The men who'd been hanging on to Jarvis let go of him and allowed him to brush himself off, and Tony clanked over to take a look at him. He was, charitably speaking, a mess: he'd lost his jacket and tie, and his feet were bare – two things that just seemed to keep on happening. His hair was all over the place, his sunburn was starting to peel in earnest, and maybe it was just the harsh floodlights on the runway, but he looked ill and sunken-eyed.

As Tony came closer, Jarvis' face broke into a smile, but then it suddenly melted away. Instead, he made an effort to stand up very straight, tugging at his shirt to neaten it up – which didn't work very well. "Good evening, Sir," he said.

That was a lot more formal than he'd been all day, but Tony supposed he was just rattled. "You look like hell," Tony told him.

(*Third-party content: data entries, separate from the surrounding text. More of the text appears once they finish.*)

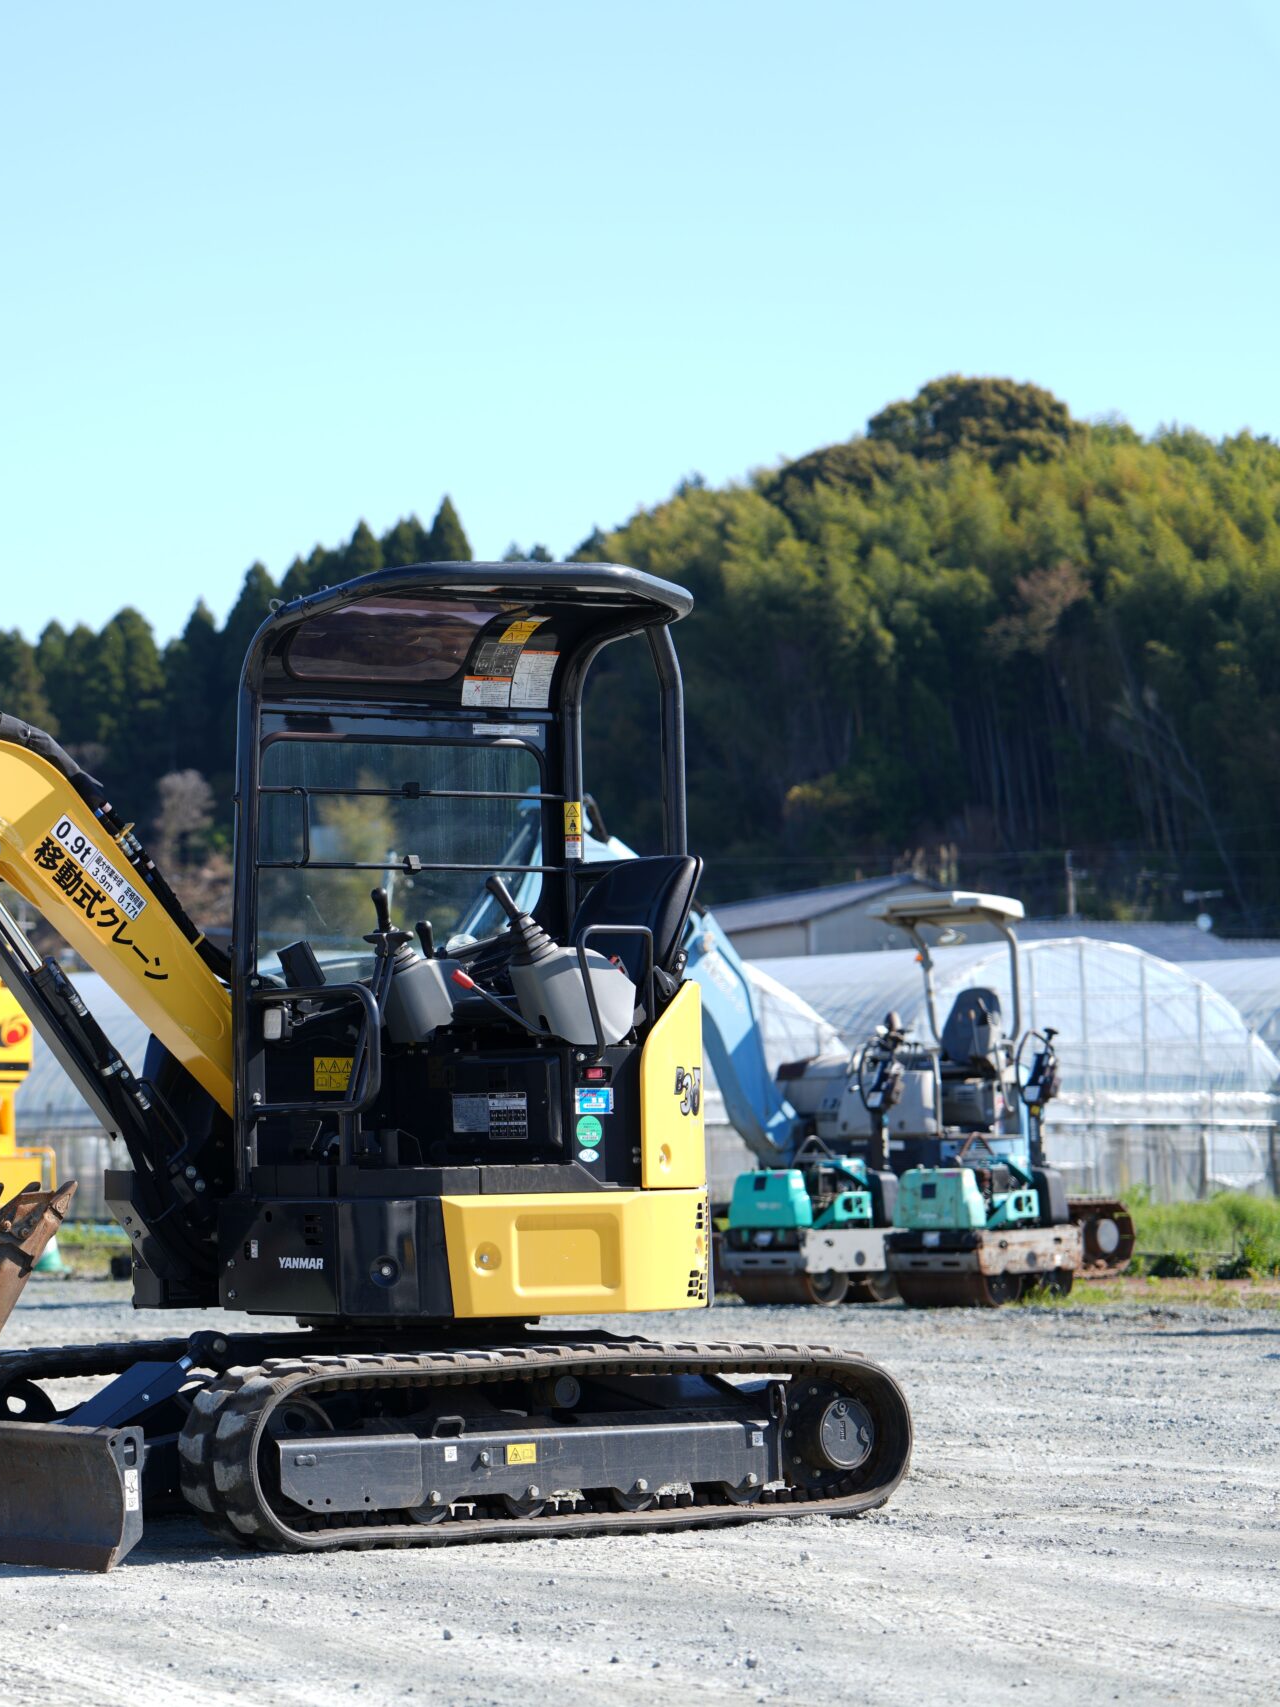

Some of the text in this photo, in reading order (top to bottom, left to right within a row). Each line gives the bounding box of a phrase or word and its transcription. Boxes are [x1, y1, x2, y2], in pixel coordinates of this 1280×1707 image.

[56, 820, 92, 864] 0.9t
[91, 867, 139, 919] 3.9m 0.17t
[94, 855, 124, 888] 最大作業半径
[33, 836, 169, 980] 移動式クレーン
[278, 1256, 324, 1270] YANMAR

"It's been an eventful day," said Jarvis. "And I believe I may suffer from a slight pteromerhanophobia."

Tony had no idea what that was, so he just nodded and moved the conversation on. "Thanks for getting the computer up," he said. "That must've been a trick."

Jarvis winced. "Thank you, Sir," he said stiffly.

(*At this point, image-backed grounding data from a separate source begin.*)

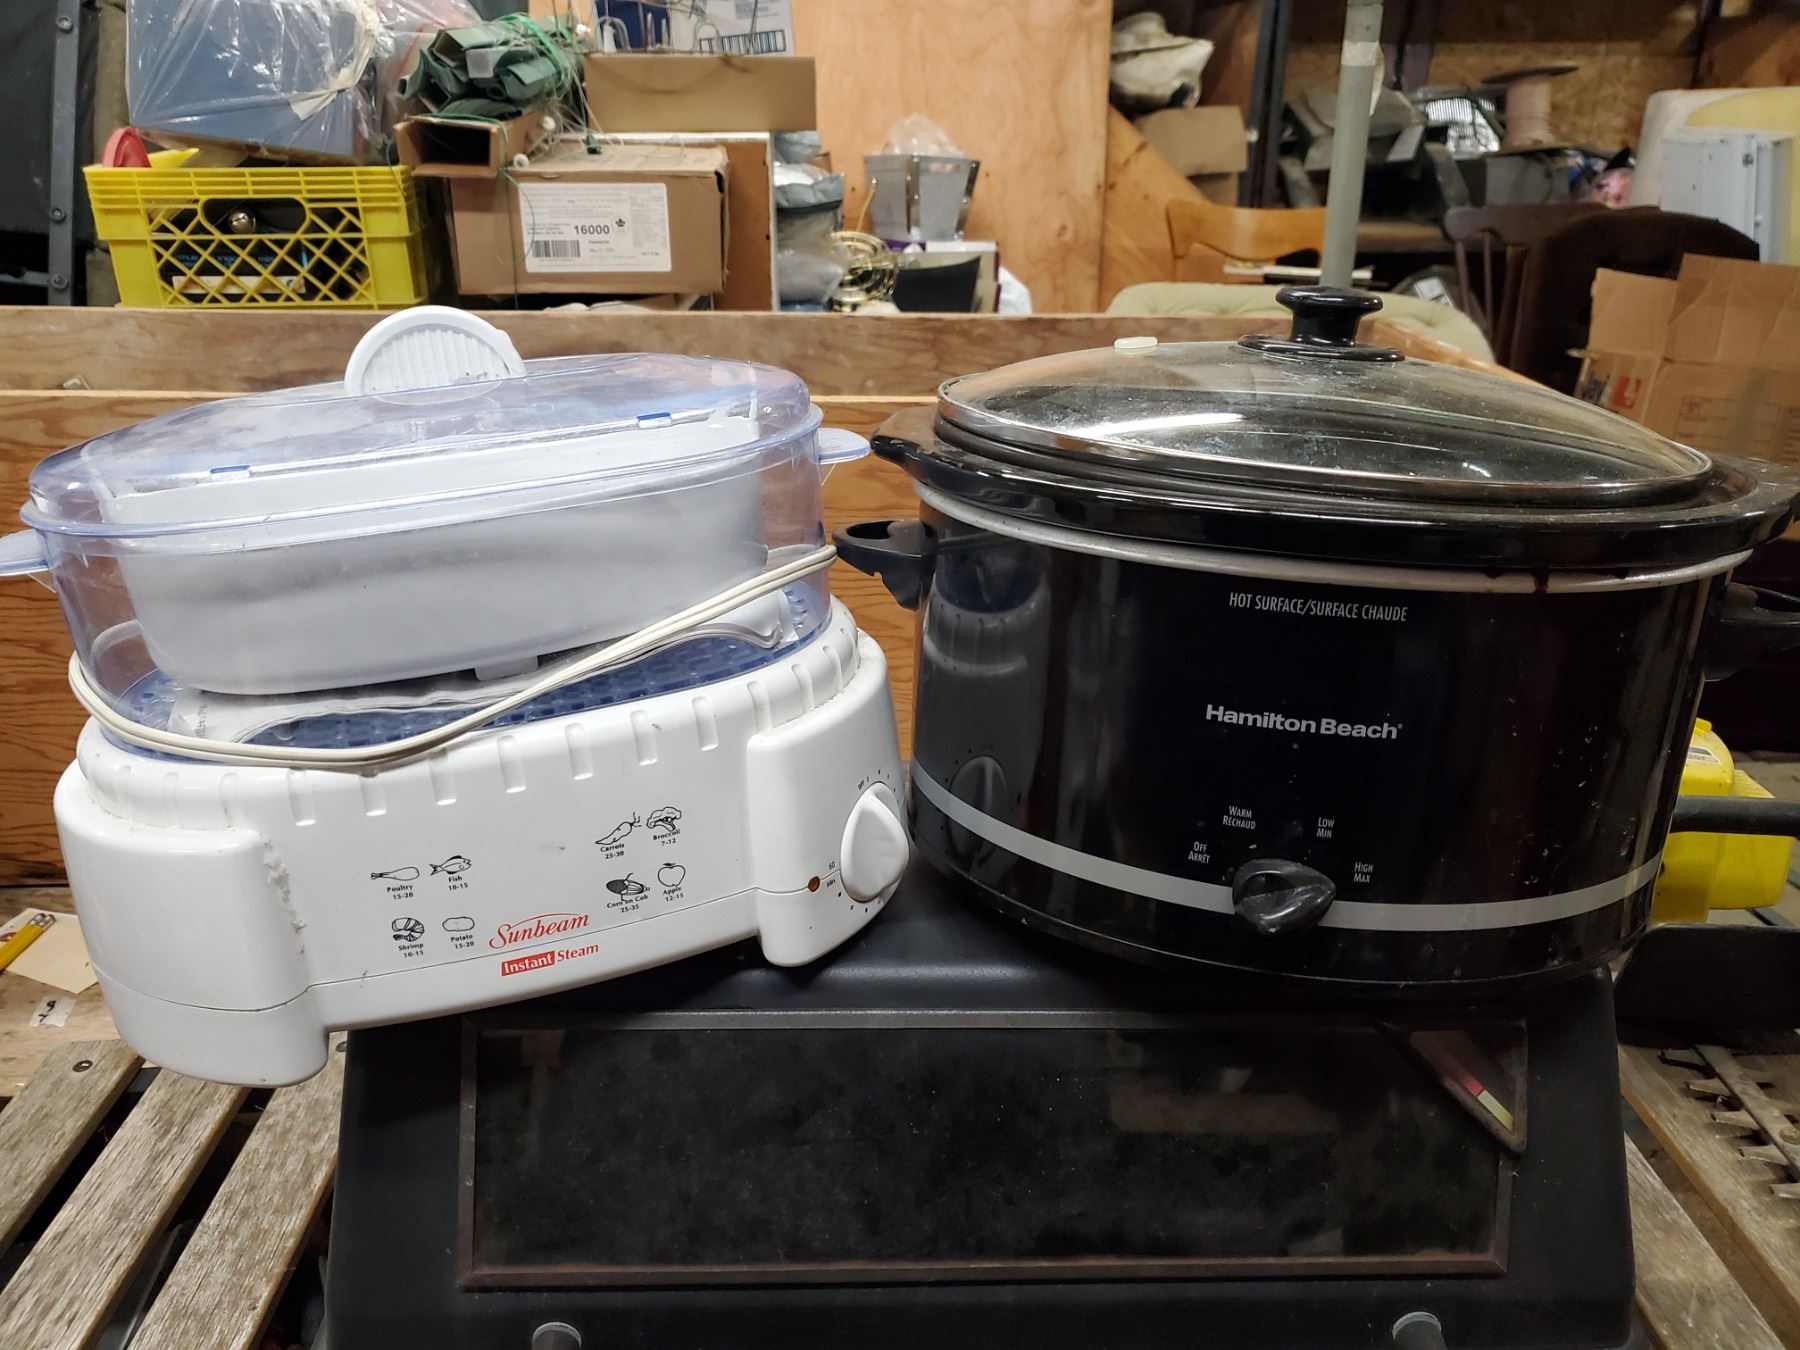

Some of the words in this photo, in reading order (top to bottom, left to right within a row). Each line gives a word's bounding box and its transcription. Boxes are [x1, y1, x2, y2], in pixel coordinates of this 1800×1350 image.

[573, 224, 611, 236] 16000
[1229, 591, 1253, 609] HOT
[1254, 594, 1359, 619] SURFACE/SURFACE
[1361, 604, 1409, 622] CHAUDE
[1205, 703, 1317, 734] Hamilton
[653, 829, 680, 840] Broccoli
[661, 837, 677, 846] 7-12
[600, 843, 625, 853] Carrots
[605, 850, 625, 860] 25-30
[448, 875, 463, 883] Fish
[386, 884, 414, 893] Poultry
[448, 882, 469, 891] 10-15
[662, 886, 682, 896] Apple
[393, 892, 414, 900] 15-20
[606, 900, 624, 909] Corn
[635, 894, 649, 902] Cob
[488, 913, 590, 950] Sunbeam
[450, 934, 474, 942] Potato
[398, 943, 425, 951] Shrimp
[454, 941, 475, 949] 15-20
[403, 950, 425, 958] 10-15
[503, 952, 554, 974] Instant
[557, 944, 600, 962] Steam

What was with the pained face? Maybe he'd stepped on something – the runway was still littered with debris. "You should get some shoes on," Tony said. "There's broken glass."

"Of course, Sir."

"And I thought you'd stopped calling me 'Sir'," Tony added. He'd just been starting to get used to Jarvis saying 'Tony', and now the repetition of 'Sir' was rather offputting, as if it were an intentional attempt by Jarvis to put distance between them.

"Sorry... Tony," said Jarvis uncomfortably.

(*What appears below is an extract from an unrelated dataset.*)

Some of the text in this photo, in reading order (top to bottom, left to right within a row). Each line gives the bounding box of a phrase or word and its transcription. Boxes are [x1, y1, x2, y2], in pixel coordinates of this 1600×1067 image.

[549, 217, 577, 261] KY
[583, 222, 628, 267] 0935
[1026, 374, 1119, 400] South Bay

"That's better." Tony grinned. "You sit tight, and I'll see you when the fight's over, okay?"

"Yes... Tony."

There was still something weird in his tone. Earlier in the day, Tony had thought the two of them were finally figuring out what level to relate on, but now all that seemed to have melted away and they were back to wondering what the hell to do with each other, like it was Monday morning all over again. On the other hand, he thought, if there were anyone who had more reason than Tony himself to be frazzled by the destruction of the Malibu House, that was Jarvis. The flight to the island might've upset him, too – Dido Widham had never been the most cautious driver.

The long word back there had ended in –phobia. Tony had to chuckle a bit at that: imagine Jarvis, who'd spent so many hours helping to pilot the Iron Man suits, being afraid of flying!

Soldiers escorted the two new arrivals to join the other civilians in a bunker, and Park ordered the runway lights turned out again. The basic situation on San Nicolas Island hadn't changed at all, Tony mused. The Avengers still had to take out a mountain of angry seafood, and still had no idea how they were going to do so beyond the old reliable standby of 'hit it until it breaks'. In fact, in a way things had actually gotten worse, because they now had two more people potentially in harm's way.

But Tony was grinning as he put his faceplate back down and rejoined the others waiting on the tarmac. He hadn't lost everything after all, and that tight, hot nugget of anger in his chest had diffused into a warm, sustaining strength. When it came down to it, even Avengers would much rather fight to protect than to avenge.